COUNSEL FOR THE APPLICANT: Mr Thomas
SOLICITOR FOR THE APPLICANT: Frank A Sanna
COUNSEL FOR THE RESPONDENT: Mr Wilson
SOLICITOR FOR THE RESPONDENT: Nedovic & Co.

Orders

  1. That the wife’s application filed on 14 June 2007 be dismissed.

  2. That paragraph 8 of the wife’s application filed on 3 November 2005 be dismissed.

  3. That the wife do pay the husband’s costs of and incidental to the said applications fixed in the sum of $4,870 AND THAT payment of the said sum be stayed for 90 days.

(4) That pursuant to rule 19.50 of the Family Law Rules 2004 this matter reasonably required the attendance of Counsel.

IT IS NOTED IN CONNECTION WITH THESE ORDERS that the judgment of the Honourable Justice Guest delivered this day will for all publication and reporting purposes be known as Tony & Masjid.

FAMILY COURT OF AUSTRALIA AT MELBOURNE

FILE NUMBER: MLF 2270  of 1999

Ms Tony

Applicant

And

Mr Masjid

Respondent

REASONS FOR JUDGMENT

  1. I have before me a Form 2 Application in a Case brought by the wife and filed on 14 June 2007in which she  seeks an order for leave to pursue an application for spousal maintenance out of time.  Her application is supported by an affidavit filed on 14 June 2005.  The husband caused to be filed a Form 2A Response on 19 July 2007seeking that the wife's application be dismissed and that she pay his costs assessed on an indemnity basis.  The husband’s Response was supported by an affidavit filed on 19 July 2007.

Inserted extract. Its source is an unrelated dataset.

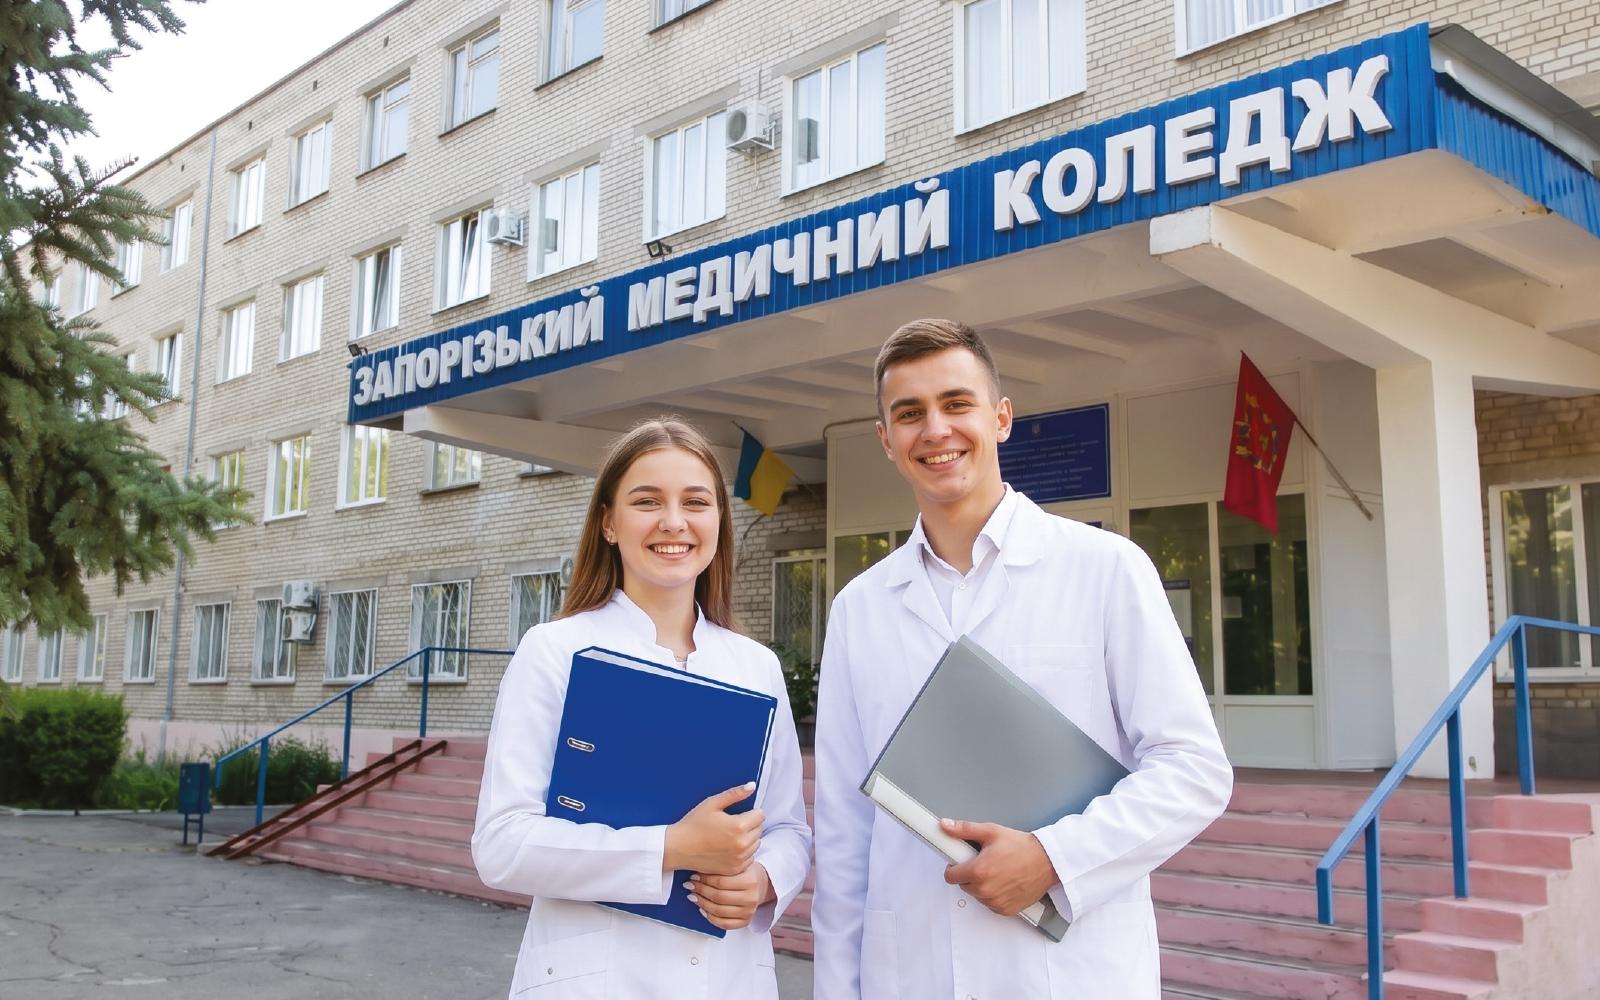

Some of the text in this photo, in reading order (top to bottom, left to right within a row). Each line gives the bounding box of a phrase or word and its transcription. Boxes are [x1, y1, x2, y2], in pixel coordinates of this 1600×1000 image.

[353, 54, 1393, 406] ЗАПОРІЗЬКИЙ МЕДИЧНИЙ КОЛЕДЖ

  2. The proceedings first came before Watt J on 23 July 2007 and although the orders have not been engrossed, I see from a draft Minute of the Order that the proceedings were adjourned to the Judicial Duty List this day and that the wife pay the husband's cost thrown away which were fixed by his Honour in the sum of $1870.  Payment of those costs was stayed until the determination of the proceedings filed on 3 November 2005.  It was further ordered that the wife provide any additional material to be relied upon by not later than 13 August 2007.

  3. In the event, the wife caused to be filed a further affidavit on 14 August 2007, and to which the husband has filed an affidavit in reply on 24 August 2007.  I have had the advantage of reading all of the affidavits relied upon by the parties.  In the circumstances it serves no good purpose for me to detail into this short extempore judgment the detailed material at my command.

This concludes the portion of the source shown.